Editor original: AlexAinhoa (v1.0)

ePub base v2.1

En esta décima edición del Premio Minotauro, Premio Internacional de Ciencia Ficción y Literatura Fantástica, el jurado, compuesto por Fernando Delgado, Juan Eslava Galán, Laura Falcó, Ángel Gutiérrez, Ángela Vallvey y David Zurdo acordó conceder el galardón a esta obra, en Madrid, febrero de 2013.

A mis Viebels.

1
La copa invertida

Con la notable excepción del suave zumbido de las viejísimas máquinas, un sosegado silencio flotaba en el interior de la nave. No era, a decir verdad, un zumbido molesto; se asemejaba más al apacible ronroneo de un pequeño gatito, pero después de tres días soportándolo, los dos únicos tripulantes lo percibían con un expansivo dolor de cabeza.

Ahora, sin embargo, permanecían atentos a la pantalla de sus consolas, expectantes.

—Creo que ya está —susurró Malhereux.

Ferdinard le dedicó una mirada apreciativa mientras ponía en orden sus sensaciones. Luego, asintió casi imperceptiblemente.

—¿Seguro? —preguntó.

Malhereux chascó la lengua.

—Bueno, nunca estaremos seguros. Pero mira los indicadores —dijo, tocando con el dedo flexionado la pantalla—. Ahí arriba no queda nada. Nada. Ni una pequeña señal.

Malhereux tenía razón, como casi siempre, pero su colega quería asegurarse. En esa profesión, la prudencia era el corolario de la supervivencia. Al fin y al cabo, llevaban demasiado tiempo bajo tierra, esperando pacientemente, como para cometer un error en el último momento.

El soplo había sido tan excelente como caro: no era habitual obtener información de primera mano sobre dónde y cuándo habría una escaramuza entre dos de las principales facciones, pero cuando tuvieron la oportunidad, invirtieron sin dudarlo. Desde entonces, habían estado ocultos esperando a que la batalla culminara, escondidos en un lugar que nadie imaginaría: a veinte metros bajo tierra. Era el sitio perfecto. Acechar en la órbita del planeta era tan descabellado como peligroso: alguna de las facciones podría pensar que eran colaboracionistas, o quintacolumnistas, y enviar una patrulla para dejarlos fuera de juego. Pero allí, bajo tierra, con la nave tan aletargada como les era posible, podían pasar por restos de maquinaria antiguos que ya no interesaban a nadie.

La guerra. La guerra era una constante en todas partes; siempre había alguien enfrentado a algún otro, y ellos hacían de esas guerras (entre otras cosas) su negocio.

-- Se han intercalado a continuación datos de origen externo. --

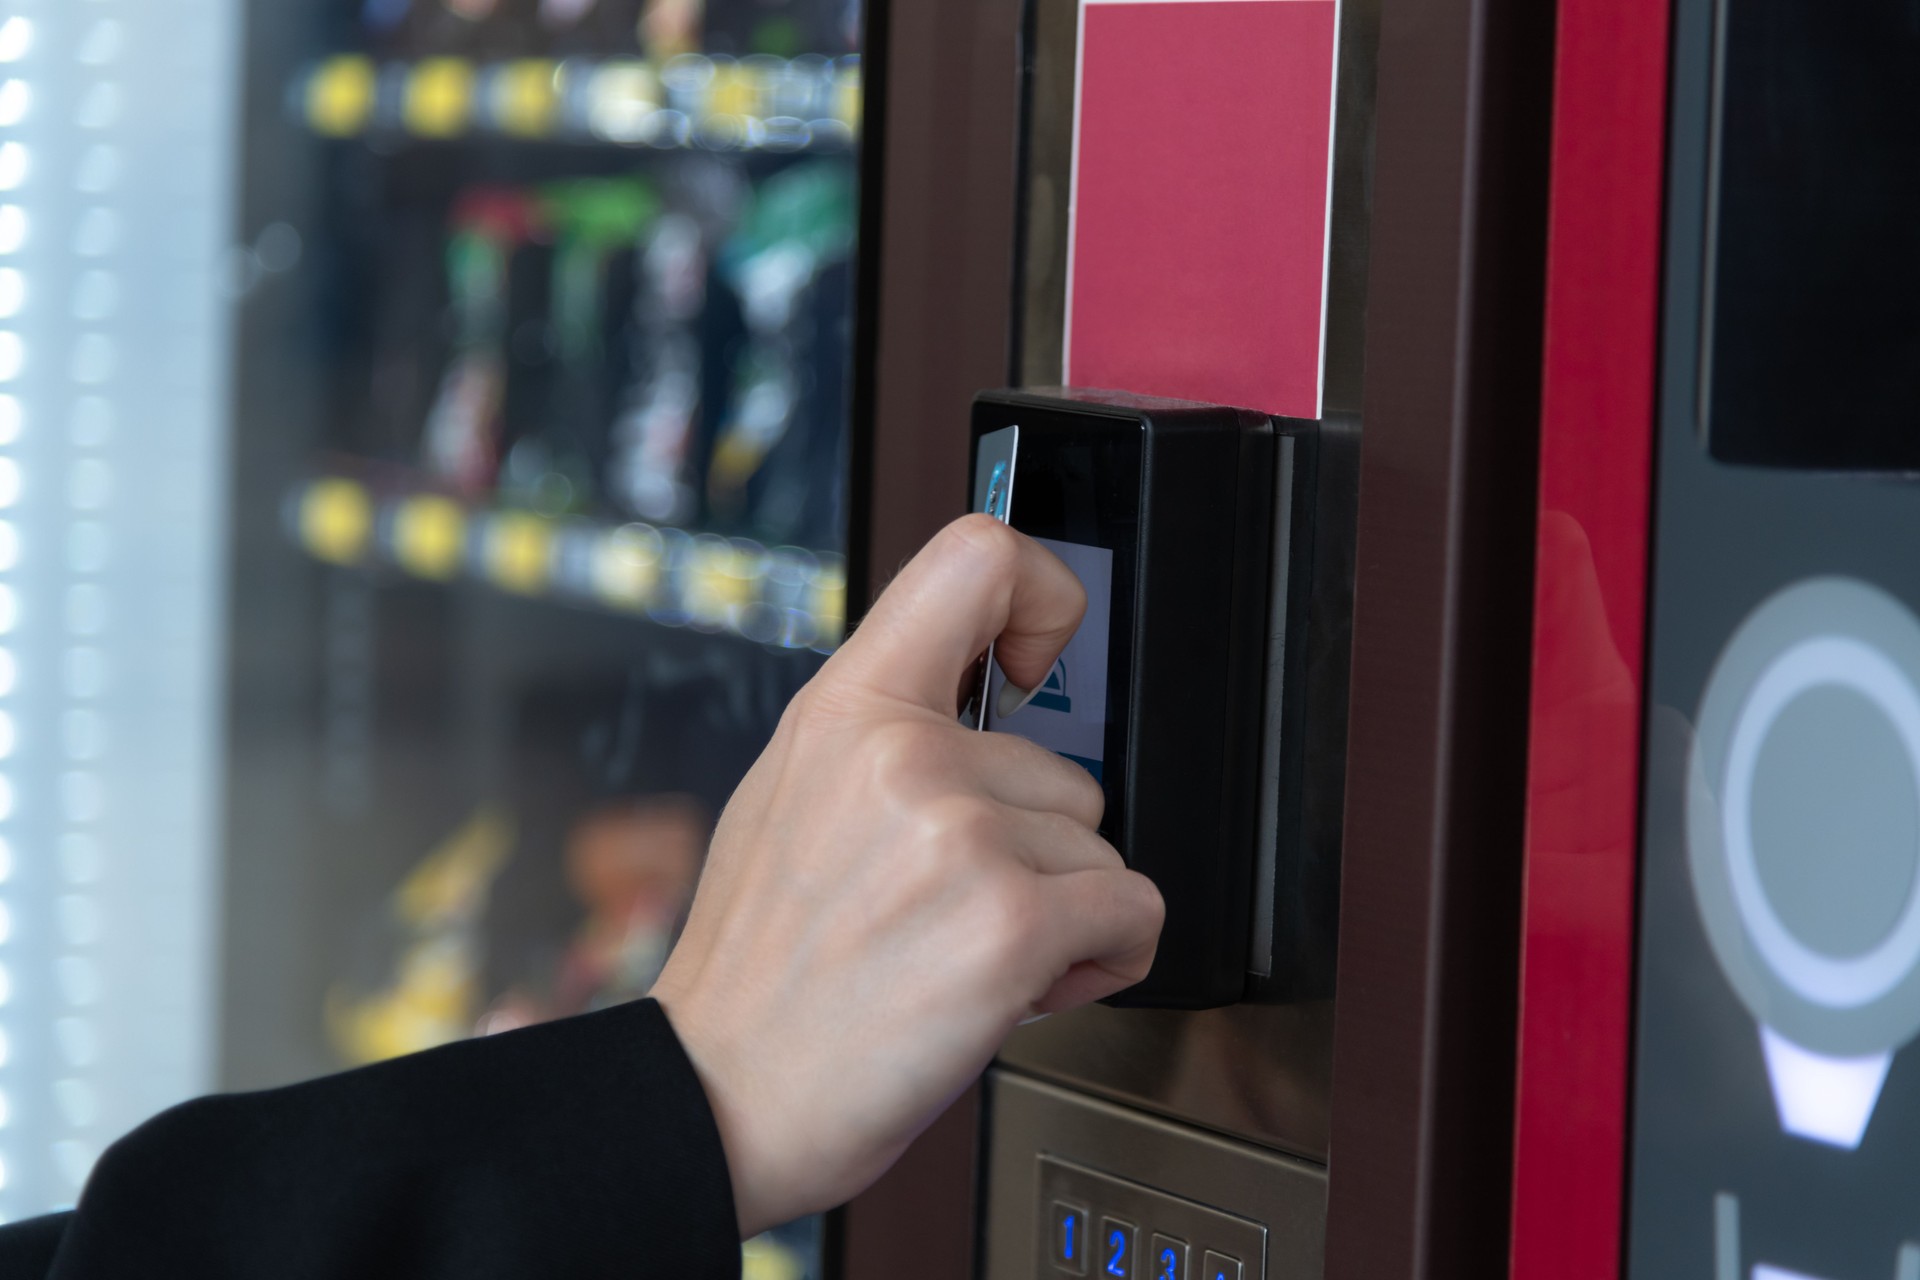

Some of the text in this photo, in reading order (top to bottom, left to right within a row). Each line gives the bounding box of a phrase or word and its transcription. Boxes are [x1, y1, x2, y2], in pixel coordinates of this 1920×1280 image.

Los datos de los sensores eran la única referencia que tenían de lo que ocurría arriba, y éstos daban luz verde por fin. Malhereux estaba en lo cierto, sí, pero cuando se trataba de contiendas bélicas como la que acababa de culminar en la superficie, las cosas eran complicadas. Ya no se trataba de viajar a un viejo escenario desolado por la guerra y rapiñar metal o tecnología de alguna nave abandonada, sino que eran las hienas furtivas que llegan hasta la pieza antes que nadie. Querían rebañar la carne que todavía quedaba pegada al hueso antes de que los verdaderos leones vinieran a reclamar lo que era suyo por derecho. El bando ganador había avanzado para seguir haciendo presión en algún otro punto, pero, técnicamente, los restos que quedaban atrás, esas ruinas humeantes de prodigiosas máquinas de guerra vencidas, pertenecían a cualquiera que se erigiese victorioso, ¡y vaya si eran valiosos! Ese tipo de vestigios nunca se desaprovechaban. Los vehículos y los robots averiados podían repararse, las armas podían volver a ponerse en uso y los sofisticados trajes de combate de los soldados se reciclaban. Cada una de esas cosas valía una pequeña fortuna. En especial los robots. Éstos eran su premio favorito. Los robots podían reprogramarse para hacer un sinfín de cosas y se vendían bien. Sin preguntas.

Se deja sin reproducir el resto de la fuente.